Requirement: What you return must match the records exactly, line for line.

(Dataset entries)
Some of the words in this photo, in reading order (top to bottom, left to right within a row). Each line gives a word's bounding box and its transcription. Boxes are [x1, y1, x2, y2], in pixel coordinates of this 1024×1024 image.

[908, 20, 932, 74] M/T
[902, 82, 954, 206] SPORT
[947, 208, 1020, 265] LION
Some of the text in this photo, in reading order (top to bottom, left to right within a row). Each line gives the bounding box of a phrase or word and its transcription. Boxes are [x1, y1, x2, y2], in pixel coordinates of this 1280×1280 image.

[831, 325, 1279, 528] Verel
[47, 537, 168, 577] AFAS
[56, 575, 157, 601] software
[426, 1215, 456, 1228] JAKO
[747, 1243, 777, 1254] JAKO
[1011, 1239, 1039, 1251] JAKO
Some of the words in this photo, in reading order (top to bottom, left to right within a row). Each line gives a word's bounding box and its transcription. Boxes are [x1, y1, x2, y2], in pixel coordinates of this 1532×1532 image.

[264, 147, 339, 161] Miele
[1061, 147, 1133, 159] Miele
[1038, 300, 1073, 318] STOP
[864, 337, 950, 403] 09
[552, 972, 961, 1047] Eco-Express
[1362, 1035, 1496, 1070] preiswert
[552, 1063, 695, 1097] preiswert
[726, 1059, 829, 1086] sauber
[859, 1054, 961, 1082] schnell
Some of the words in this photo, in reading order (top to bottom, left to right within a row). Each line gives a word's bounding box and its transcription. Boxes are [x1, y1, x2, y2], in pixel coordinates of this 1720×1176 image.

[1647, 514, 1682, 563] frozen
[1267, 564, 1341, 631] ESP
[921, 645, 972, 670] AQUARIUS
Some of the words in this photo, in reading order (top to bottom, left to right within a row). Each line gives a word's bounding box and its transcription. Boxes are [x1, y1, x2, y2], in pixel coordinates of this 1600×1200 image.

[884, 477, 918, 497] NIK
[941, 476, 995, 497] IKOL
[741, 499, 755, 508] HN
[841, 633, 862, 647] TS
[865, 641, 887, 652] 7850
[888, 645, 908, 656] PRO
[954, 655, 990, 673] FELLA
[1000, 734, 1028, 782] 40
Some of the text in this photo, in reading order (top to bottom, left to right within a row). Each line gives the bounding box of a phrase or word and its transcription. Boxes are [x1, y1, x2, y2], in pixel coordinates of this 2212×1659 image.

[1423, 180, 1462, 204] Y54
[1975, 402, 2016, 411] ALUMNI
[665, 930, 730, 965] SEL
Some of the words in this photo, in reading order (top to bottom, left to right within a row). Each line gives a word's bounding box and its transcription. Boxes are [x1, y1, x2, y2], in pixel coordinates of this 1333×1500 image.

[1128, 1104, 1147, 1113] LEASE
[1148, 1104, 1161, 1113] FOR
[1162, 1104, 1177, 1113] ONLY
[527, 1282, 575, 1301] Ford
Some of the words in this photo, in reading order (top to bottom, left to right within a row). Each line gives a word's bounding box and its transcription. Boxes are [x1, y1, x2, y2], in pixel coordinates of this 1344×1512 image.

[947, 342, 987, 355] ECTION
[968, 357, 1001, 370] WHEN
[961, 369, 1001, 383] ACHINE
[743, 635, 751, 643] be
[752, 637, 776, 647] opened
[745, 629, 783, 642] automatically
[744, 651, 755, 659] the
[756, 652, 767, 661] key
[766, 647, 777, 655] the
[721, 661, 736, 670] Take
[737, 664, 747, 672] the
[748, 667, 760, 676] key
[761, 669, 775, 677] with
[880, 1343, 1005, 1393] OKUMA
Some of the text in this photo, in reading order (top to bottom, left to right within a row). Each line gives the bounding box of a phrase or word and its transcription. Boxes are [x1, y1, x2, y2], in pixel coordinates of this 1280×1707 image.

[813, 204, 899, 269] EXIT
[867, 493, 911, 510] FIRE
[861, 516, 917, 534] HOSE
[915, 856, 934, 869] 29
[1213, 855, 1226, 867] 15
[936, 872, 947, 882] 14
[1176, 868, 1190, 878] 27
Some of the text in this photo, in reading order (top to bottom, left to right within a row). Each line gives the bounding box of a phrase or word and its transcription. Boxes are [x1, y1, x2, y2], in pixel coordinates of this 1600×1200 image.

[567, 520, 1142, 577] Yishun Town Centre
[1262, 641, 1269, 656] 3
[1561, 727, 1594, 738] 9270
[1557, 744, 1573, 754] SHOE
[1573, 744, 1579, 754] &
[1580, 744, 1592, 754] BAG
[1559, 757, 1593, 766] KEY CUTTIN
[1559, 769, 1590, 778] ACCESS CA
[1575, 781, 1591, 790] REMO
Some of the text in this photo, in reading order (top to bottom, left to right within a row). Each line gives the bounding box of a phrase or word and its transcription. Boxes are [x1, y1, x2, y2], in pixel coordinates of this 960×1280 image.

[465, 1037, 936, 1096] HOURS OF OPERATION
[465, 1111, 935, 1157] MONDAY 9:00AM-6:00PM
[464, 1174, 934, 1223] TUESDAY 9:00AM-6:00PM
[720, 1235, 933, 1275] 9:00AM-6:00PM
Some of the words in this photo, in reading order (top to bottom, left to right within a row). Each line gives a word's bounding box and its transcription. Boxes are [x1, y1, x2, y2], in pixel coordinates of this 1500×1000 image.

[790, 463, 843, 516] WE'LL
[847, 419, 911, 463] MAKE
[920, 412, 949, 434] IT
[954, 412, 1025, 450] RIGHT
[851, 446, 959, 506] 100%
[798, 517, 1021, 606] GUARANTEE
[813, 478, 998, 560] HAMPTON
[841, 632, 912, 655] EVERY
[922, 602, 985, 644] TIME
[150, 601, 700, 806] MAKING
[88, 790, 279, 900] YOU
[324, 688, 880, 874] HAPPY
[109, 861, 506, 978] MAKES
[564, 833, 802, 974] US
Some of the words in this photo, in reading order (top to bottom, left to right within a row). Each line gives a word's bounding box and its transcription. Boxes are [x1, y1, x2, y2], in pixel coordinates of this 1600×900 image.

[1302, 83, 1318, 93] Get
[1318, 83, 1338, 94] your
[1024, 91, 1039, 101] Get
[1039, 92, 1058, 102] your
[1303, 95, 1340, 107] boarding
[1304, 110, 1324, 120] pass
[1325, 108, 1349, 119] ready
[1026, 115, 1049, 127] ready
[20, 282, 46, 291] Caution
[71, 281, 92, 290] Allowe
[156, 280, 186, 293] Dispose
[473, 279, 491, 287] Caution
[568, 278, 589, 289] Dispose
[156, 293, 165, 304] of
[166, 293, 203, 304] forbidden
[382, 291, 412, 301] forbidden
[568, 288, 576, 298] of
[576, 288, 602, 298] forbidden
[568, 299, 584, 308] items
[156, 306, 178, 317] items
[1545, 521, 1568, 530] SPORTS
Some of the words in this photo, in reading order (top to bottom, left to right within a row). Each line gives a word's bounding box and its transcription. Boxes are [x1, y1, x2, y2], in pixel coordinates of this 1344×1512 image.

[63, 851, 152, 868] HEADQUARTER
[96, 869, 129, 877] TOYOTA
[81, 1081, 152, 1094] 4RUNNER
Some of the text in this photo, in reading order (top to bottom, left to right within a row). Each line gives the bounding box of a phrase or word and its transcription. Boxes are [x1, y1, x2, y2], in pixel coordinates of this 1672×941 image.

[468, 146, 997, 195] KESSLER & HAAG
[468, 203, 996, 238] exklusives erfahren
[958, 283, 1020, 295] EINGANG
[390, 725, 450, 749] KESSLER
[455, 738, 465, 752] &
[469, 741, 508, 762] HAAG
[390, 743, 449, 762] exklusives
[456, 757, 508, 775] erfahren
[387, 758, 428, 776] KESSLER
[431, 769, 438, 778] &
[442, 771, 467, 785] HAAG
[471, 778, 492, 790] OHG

Solution to this task:
Some of the words in this photo, in reading order (top to bottom, left to right within a row). Each line gives a word's bounding box and its transcription. Boxes are [x1, y1, x2, y2], in pixel coordinates of this 1024×1024 image.

[908, 20, 932, 74] M/T
[902, 82, 954, 206] SPORT
[947, 208, 1020, 265] LION
Some of the text in this photo, in reading order (top to bottom, left to right within a row). Each line gives the bounding box of a phrase or word and its transcription. Boxes are [x1, y1, x2, y2], in pixel coordinates of this 1280×1280 image.

[831, 325, 1279, 528] Verel
[47, 537, 168, 577] AFAS
[56, 575, 157, 601] software
[426, 1215, 456, 1228] JAKO
[747, 1243, 777, 1254] JAKO
[1011, 1239, 1039, 1251] JAKO
Some of the words in this photo, in reading order (top to bottom, left to right within a row). Each line gives a word's bounding box and its transcription. Boxes are [x1, y1, x2, y2], in pixel coordinates of this 1532×1532 image.

[264, 147, 339, 161] Miele
[1061, 147, 1133, 159] Miele
[1038, 300, 1073, 318] STOP
[864, 337, 950, 403] 09
[552, 972, 961, 1047] Eco-Express
[1362, 1035, 1496, 1070] preiswert
[552, 1063, 695, 1097] preiswert
[726, 1059, 829, 1086] sauber
[859, 1054, 961, 1082] schnell
Some of the words in this photo, in reading order (top to bottom, left to right within a row). Each line gives a word's bounding box and its transcription. Boxes are [x1, y1, x2, y2], in pixel coordinates of this 1720×1176 image.

[1647, 514, 1682, 563] frozen
[1267, 564, 1341, 631] ESP
[921, 645, 972, 670] AQUARIUS
Some of the words in this photo, in reading order (top to bottom, left to right within a row). Each line gives a word's bounding box and its transcription. Boxes are [x1, y1, x2, y2], in pixel coordinates of this 1600×1200 image.

[884, 477, 918, 497] NIK
[941, 476, 995, 497] IKOL
[741, 499, 755, 508] HN
[841, 633, 862, 647] TS
[865, 641, 887, 652] 7850
[888, 645, 908, 656] PRO
[954, 655, 990, 673] FELLA
[1000, 734, 1028, 782] 40
Some of the text in this photo, in reading order (top to bottom, left to right within a row). Each line gives the bounding box of a phrase or word and its transcription. Boxes are [x1, y1, x2, y2], in pixel coordinates of this 2212×1659 image.

[1423, 180, 1462, 204] Y54
[1975, 402, 2016, 411] ALUMNI
[665, 930, 730, 965] SEL
Some of the words in this photo, in reading order (top to bottom, left to right within a row). Each line gives a word's bounding box and its transcription. Boxes are [x1, y1, x2, y2], in pixel coordinates of this 1333×1500 image.

[1128, 1104, 1147, 1113] LEASE
[1148, 1104, 1161, 1113] FOR
[1162, 1104, 1177, 1113] ONLY
[527, 1282, 575, 1301] Ford
Some of the words in this photo, in reading order (top to bottom, left to right within a row). Each line gives a word's bounding box and its transcription. Boxes are [x1, y1, x2, y2], in pixel coordinates of this 1344×1512 image.

[947, 342, 987, 355] ECTION
[968, 357, 1001, 370] WHEN
[961, 369, 1001, 383] ACHINE
[743, 635, 751, 643] be
[752, 637, 776, 647] opened
[745, 629, 783, 642] automatically
[744, 651, 755, 659] the
[756, 652, 767, 661] key
[766, 647, 777, 655] the
[721, 661, 736, 670] Take
[737, 664, 747, 672] the
[748, 667, 760, 676] key
[761, 669, 775, 677] with
[880, 1343, 1005, 1393] OKUMA
Some of the text in this photo, in reading order (top to bottom, left to right within a row). Each line gives the bounding box of a phrase or word and its transcription. Boxes are [x1, y1, x2, y2], in pixel coordinates of this 1280×1707 image.

[813, 204, 899, 269] EXIT
[867, 493, 911, 510] FIRE
[861, 516, 917, 534] HOSE
[915, 856, 934, 869] 29
[1213, 855, 1226, 867] 15
[936, 872, 947, 882] 14
[1176, 868, 1190, 878] 27
Some of the text in this photo, in reading order (top to bottom, left to right within a row). Each line gives the bounding box of a phrase or word and its transcription. Boxes are [x1, y1, x2, y2], in pixel coordinates of this 1600×1200 image.

[567, 520, 1142, 577] Yishun Town Centre
[1262, 641, 1269, 656] 3
[1561, 727, 1594, 738] 9270
[1557, 744, 1573, 754] SHOE
[1573, 744, 1579, 754] &
[1580, 744, 1592, 754] BAG
[1559, 757, 1593, 766] KEY CUTTIN
[1559, 769, 1590, 778] ACCESS CA
[1575, 781, 1591, 790] REMO
Some of the text in this photo, in reading order (top to bottom, left to right within a row). Each line gives the bounding box of a phrase or word and its transcription. Boxes are [x1, y1, x2, y2], in pixel coordinates of this 960×1280 image.

[465, 1037, 936, 1096] HOURS OF OPERATION
[465, 1111, 935, 1157] MONDAY 9:00AM-6:00PM
[464, 1174, 934, 1223] TUESDAY 9:00AM-6:00PM
[720, 1235, 933, 1275] 9:00AM-6:00PM
Some of the words in this photo, in reading order (top to bottom, left to right within a row). Each line gives a word's bounding box and its transcription. Boxes are [x1, y1, x2, y2], in pixel coordinates of this 1500×1000 image.

[790, 463, 843, 516] WE'LL
[847, 419, 911, 463] MAKE
[920, 412, 949, 434] IT
[954, 412, 1025, 450] RIGHT
[851, 446, 959, 506] 100%
[798, 517, 1021, 606] GUARANTEE
[813, 478, 998, 560] HAMPTON
[841, 632, 912, 655] EVERY
[922, 602, 985, 644] TIME
[150, 601, 700, 806] MAKING
[88, 790, 279, 900] YOU
[324, 688, 880, 874] HAPPY
[109, 861, 506, 978] MAKES
[564, 833, 802, 974] US
Some of the words in this photo, in reading order (top to bottom, left to right within a row). Each line gives a word's bounding box and its transcription. Boxes are [x1, y1, x2, y2], in pixel coordinates of this 1600×900 image.

[1302, 83, 1318, 93] Get
[1318, 83, 1338, 94] your
[1024, 91, 1039, 101] Get
[1039, 92, 1058, 102] your
[1303, 95, 1340, 107] boarding
[1304, 110, 1324, 120] pass
[1325, 108, 1349, 119] ready
[1026, 115, 1049, 127] ready
[20, 282, 46, 291] Caution
[71, 281, 92, 290] Allowe
[156, 280, 186, 293] Dispose
[473, 279, 491, 287] Caution
[568, 278, 589, 289] Dispose
[156, 293, 165, 304] of
[166, 293, 203, 304] forbidden
[382, 291, 412, 301] forbidden
[568, 288, 576, 298] of
[576, 288, 602, 298] forbidden
[568, 299, 584, 308] items
[156, 306, 178, 317] items
[1545, 521, 1568, 530] SPORTS
Some of the words in this photo, in reading order (top to bottom, left to right within a row). Each line gives a word's bounding box and its transcription. Boxes are [x1, y1, x2, y2], in pixel coordinates of this 1344×1512 image.

[63, 851, 152, 868] HEADQUARTER
[96, 869, 129, 877] TOYOTA
[81, 1081, 152, 1094] 4RUNNER
Some of the text in this photo, in reading order (top to bottom, left to right within a row). Each line gives the bounding box of a phrase or word and its transcription. Boxes are [x1, y1, x2, y2], in pixel coordinates of this 1672×941 image.

[468, 146, 997, 195] KESSLER & HAAG
[468, 203, 996, 238] exklusives erfahren
[958, 283, 1020, 295] EINGANG
[390, 725, 450, 749] KESSLER
[455, 738, 465, 752] &
[469, 741, 508, 762] HAAG
[390, 743, 449, 762] exklusives
[456, 757, 508, 775] erfahren
[387, 758, 428, 776] KESSLER
[431, 769, 438, 778] &
[442, 771, 467, 785] HAAG
[471, 778, 492, 790] OHG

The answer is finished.